| ASSIGNMENT |
Copy the records below exactly.

| DATA FOR REVIEW |
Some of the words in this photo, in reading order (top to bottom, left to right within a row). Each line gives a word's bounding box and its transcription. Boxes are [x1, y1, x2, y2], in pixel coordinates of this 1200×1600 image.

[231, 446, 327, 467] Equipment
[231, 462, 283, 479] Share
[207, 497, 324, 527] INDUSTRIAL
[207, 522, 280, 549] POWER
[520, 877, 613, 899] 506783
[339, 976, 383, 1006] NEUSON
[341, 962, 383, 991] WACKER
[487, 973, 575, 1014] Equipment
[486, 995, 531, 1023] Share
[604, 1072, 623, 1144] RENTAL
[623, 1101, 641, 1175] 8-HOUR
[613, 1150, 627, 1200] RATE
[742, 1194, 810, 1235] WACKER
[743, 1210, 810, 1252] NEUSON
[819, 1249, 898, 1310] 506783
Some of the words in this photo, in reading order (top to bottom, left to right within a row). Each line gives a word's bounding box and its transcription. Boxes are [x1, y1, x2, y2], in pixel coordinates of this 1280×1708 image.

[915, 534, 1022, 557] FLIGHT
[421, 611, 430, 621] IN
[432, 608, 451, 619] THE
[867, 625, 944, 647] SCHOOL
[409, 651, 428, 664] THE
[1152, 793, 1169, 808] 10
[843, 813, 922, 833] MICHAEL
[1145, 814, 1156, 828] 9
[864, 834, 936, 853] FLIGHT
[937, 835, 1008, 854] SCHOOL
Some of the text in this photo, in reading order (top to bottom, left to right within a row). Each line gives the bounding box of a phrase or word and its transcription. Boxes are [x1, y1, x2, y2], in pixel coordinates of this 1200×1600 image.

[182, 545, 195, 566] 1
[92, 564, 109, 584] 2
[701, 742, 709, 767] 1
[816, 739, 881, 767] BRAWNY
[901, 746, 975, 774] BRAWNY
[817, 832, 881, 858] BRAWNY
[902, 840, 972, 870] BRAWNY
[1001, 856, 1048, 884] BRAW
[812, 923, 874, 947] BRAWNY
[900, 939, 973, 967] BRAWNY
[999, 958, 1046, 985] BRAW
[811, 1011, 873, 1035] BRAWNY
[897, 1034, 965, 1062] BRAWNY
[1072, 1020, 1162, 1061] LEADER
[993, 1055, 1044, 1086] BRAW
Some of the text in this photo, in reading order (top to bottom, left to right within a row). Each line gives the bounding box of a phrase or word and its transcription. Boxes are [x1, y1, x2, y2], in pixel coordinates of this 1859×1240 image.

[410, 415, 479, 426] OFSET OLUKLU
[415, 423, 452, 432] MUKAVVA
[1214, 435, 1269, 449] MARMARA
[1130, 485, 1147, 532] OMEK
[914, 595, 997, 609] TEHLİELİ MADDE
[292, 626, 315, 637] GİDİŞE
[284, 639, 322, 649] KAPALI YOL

| ANSWER AREA |
Some of the words in this photo, in reading order (top to bottom, left to right within a row). Each line gives a word's bounding box and its transcription. Boxes are [x1, y1, x2, y2], in pixel coordinates of this 1200×1600 image.

[231, 446, 327, 467] Equipment
[231, 462, 283, 479] Share
[207, 497, 324, 527] INDUSTRIAL
[207, 522, 280, 549] POWER
[520, 877, 613, 899] 506783
[339, 976, 383, 1006] NEUSON
[341, 962, 383, 991] WACKER
[487, 973, 575, 1014] Equipment
[486, 995, 531, 1023] Share
[604, 1072, 623, 1144] RENTAL
[623, 1101, 641, 1175] 8-HOUR
[613, 1150, 627, 1200] RATE
[742, 1194, 810, 1235] WACKER
[743, 1210, 810, 1252] NEUSON
[819, 1249, 898, 1310] 506783
Some of the words in this photo, in reading order (top to bottom, left to right within a row). Each line gives a word's bounding box and its transcription. Boxes are [x1, y1, x2, y2], in pixel coordinates of this 1280×1708 image.

[915, 534, 1022, 557] FLIGHT
[421, 611, 430, 621] IN
[432, 608, 451, 619] THE
[867, 625, 944, 647] SCHOOL
[409, 651, 428, 664] THE
[1152, 793, 1169, 808] 10
[843, 813, 922, 833] MICHAEL
[1145, 814, 1156, 828] 9
[864, 834, 936, 853] FLIGHT
[937, 835, 1008, 854] SCHOOL
Some of the text in this photo, in reading order (top to bottom, left to right within a row). Each line gives the bounding box of a phrase or word and its transcription. Boxes are [x1, y1, x2, y2], in pixel coordinates of this 1200×1600 image.

[182, 545, 195, 566] 1
[92, 564, 109, 584] 2
[701, 742, 709, 767] 1
[816, 739, 881, 767] BRAWNY
[901, 746, 975, 774] BRAWNY
[817, 832, 881, 858] BRAWNY
[902, 840, 972, 870] BRAWNY
[1001, 856, 1048, 884] BRAW
[812, 923, 874, 947] BRAWNY
[900, 939, 973, 967] BRAWNY
[999, 958, 1046, 985] BRAW
[811, 1011, 873, 1035] BRAWNY
[897, 1034, 965, 1062] BRAWNY
[1072, 1020, 1162, 1061] LEADER
[993, 1055, 1044, 1086] BRAW
Some of the text in this photo, in reading order (top to bottom, left to right within a row). Each line gives the bounding box of a phrase or word and its transcription. Boxes are [x1, y1, x2, y2], in pixel coordinates of this 1859×1240 image.

[410, 415, 479, 426] OFSET OLUKLU
[415, 423, 452, 432] MUKAVVA
[1214, 435, 1269, 449] MARMARA
[1130, 485, 1147, 532] OMEK
[914, 595, 997, 609] TEHLİELİ MADDE
[292, 626, 315, 637] GİDİŞE
[284, 639, 322, 649] KAPALI YOL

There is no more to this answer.